Activist fund manager Simon Marais of Allan Gray will call for an extraordinary shareholders meeting at Roc Oil to formally vote on Roc’s recently announced merger deal with Horizon Oil as criticism of the deal mounts.

Dr Marais, chief executive of Allan Gray, is the biggest single shareholder in Roc with a stake of 19.56 per cent, and believes the deal disenfranchises Roc shareholders because the rules do not require them, as bidders, to be asked to vote on it.

“It could be that the other Roc shareholders besides Allan Gray like the deal and if that’s the case, we’ll go along with them,’’ Dr Marais said.

“Roc are technically the bidders but in reality it’s Horizon that’s the bidder.’’

He noted that Horizon would end up with 57 per cent of the merged company and would bring “around $88 million’’ of debt liability to the transaction.

Roc shareholders will own 42 per cent of the expanded group, which will have interests in Malaysia, China, Papua New Guinea and New Zealand.

“Horizon will end up controlling the merged company and that’s just a fact,’’ he said.

Last week he told The Australian that he believed the all-scrip merger deal to create an $800m company was “crazy’’ and “stupid’’, so his new threat to call an EGM and possibly sack the Roc board is an escalation of his already stated position.

Under the deal announced on April 28, Horizon shareholders will receive 0.724 of a Roc share if they accept the scheme of ­arrangement proposal.

Both stocks have risen since the deal was announced, an indication of general support.

Dr Marais said that Mike Harding, the chair of Roc who will end up chairing the merged structure if it goes head, “has no fiduciary duty to Horizon shareholders but he does have one to Roc shareholders’’.

He said that on his reading, “the shareholders who are getting the most favourable deal ­appear to be the only ones who can vote’’, being Horizon holders.

The ASX listing rules normally demand that shareholders get a vote if a company plans to increase its capital base by more than 15 per cent, but they specifically exempt situations where the planned issue is funding a takeover bid.

Roc chief executive Alan Linn is scheduled to stay on as head of the merged group’s Malaysian operations for one year but the new chief will be Brent Emmett, who is currently running Horizon. The merger announcement on April 29 stated that “at the ­request of Roc Oil, Horizon intends to propose the scheme and issue the scheme booklet’’.

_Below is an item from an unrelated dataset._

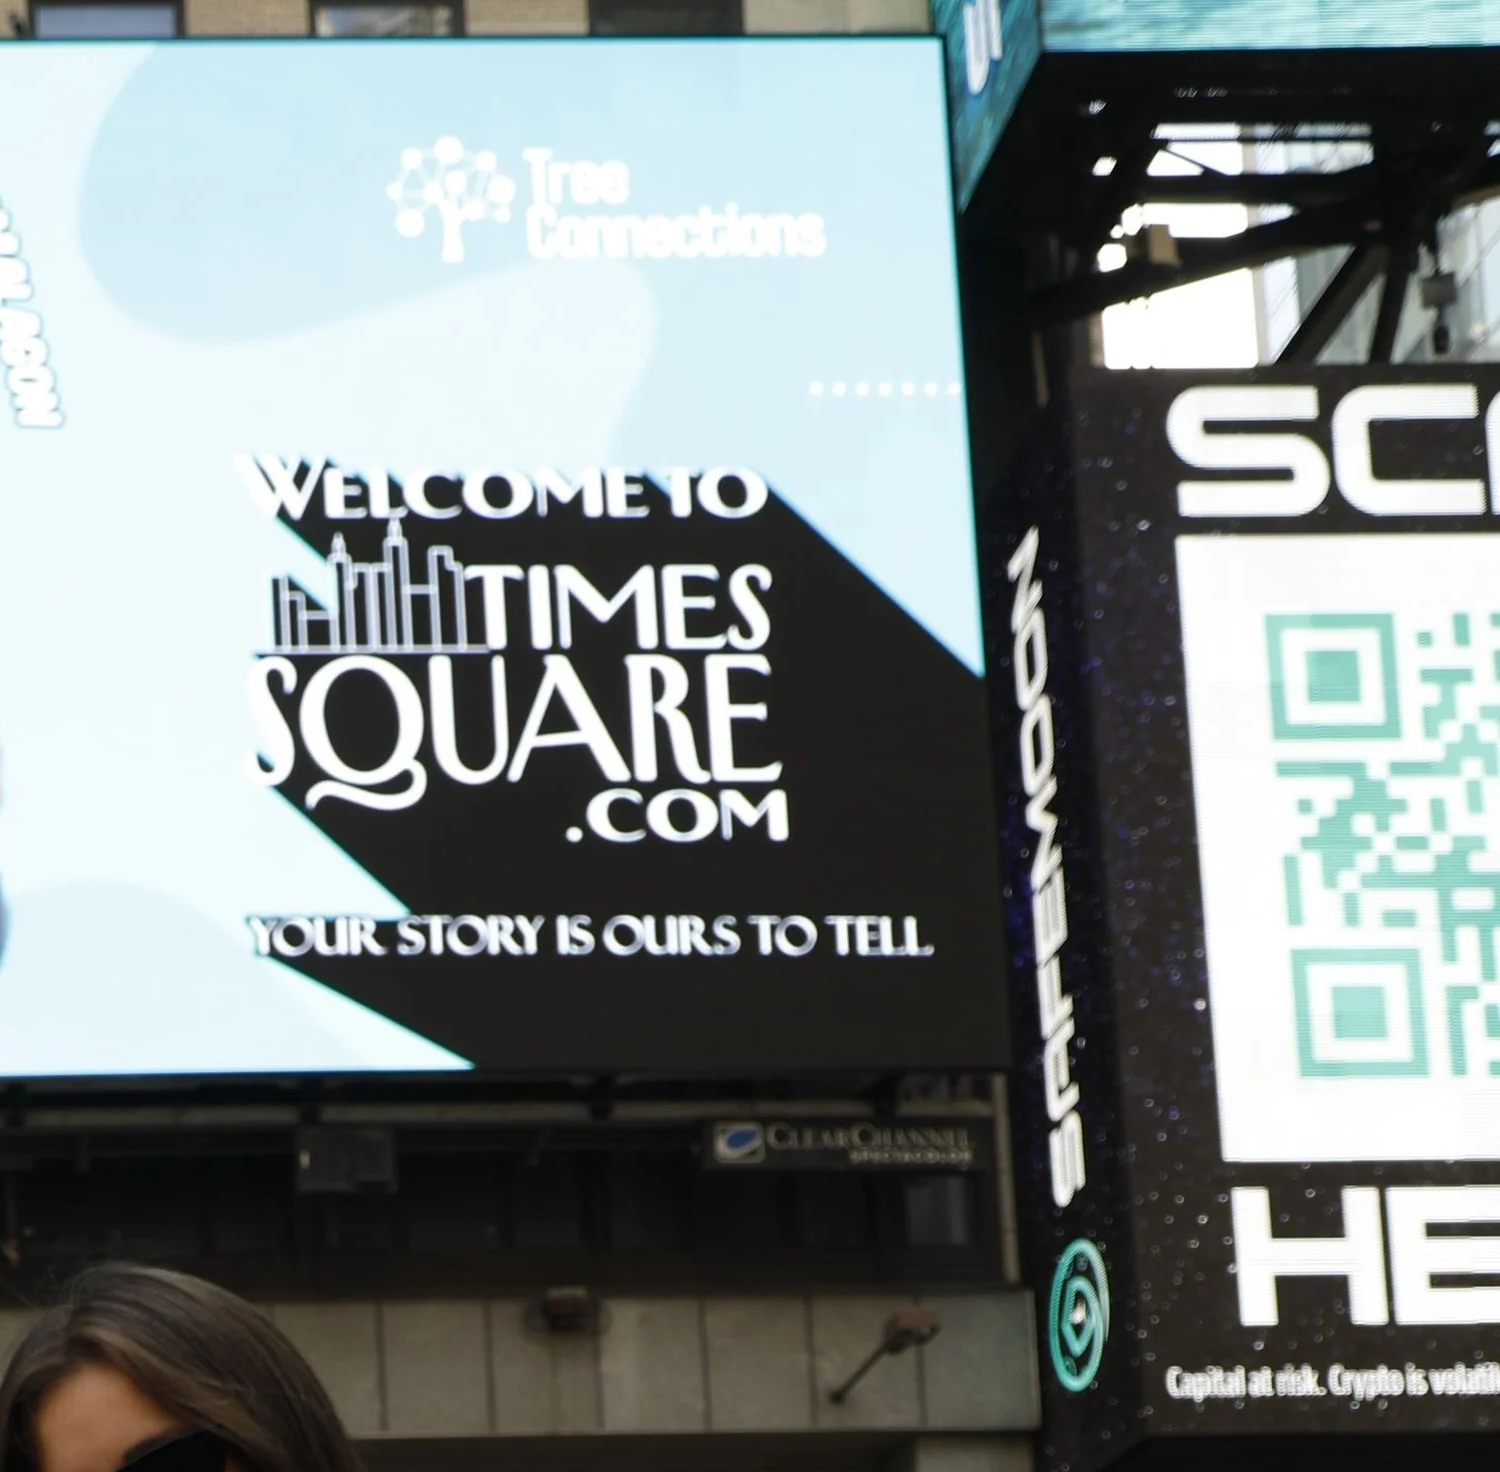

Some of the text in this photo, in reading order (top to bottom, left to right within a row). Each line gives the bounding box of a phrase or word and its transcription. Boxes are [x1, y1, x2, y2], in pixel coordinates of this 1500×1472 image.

The booklet is scheduled to be released late in June with a scheme meeting for Horizon shareholders to be held in late July.

Roc Oil was founded in 1997 by charismatic Welsh rugby ­fanatic John Doran, who died of a heart attack the next year, aged 62. Investment banks unrelated to the deal are more in favour of the deal than is Dr Marais, with Macquarie labelling it “a long mooted merger of equals’’, while JPMorgan analysts said Roc was at a deep discount to fair value and that the deal would unite the two companies’’.

Macquarie analyst Kirit Hira concedes the merger seems to favour Horizon shareholders. “The merged company offers compelling value on a stand-alone basis and also compared to its new peer group, which could drive a re-rating once the merger is implemented.’’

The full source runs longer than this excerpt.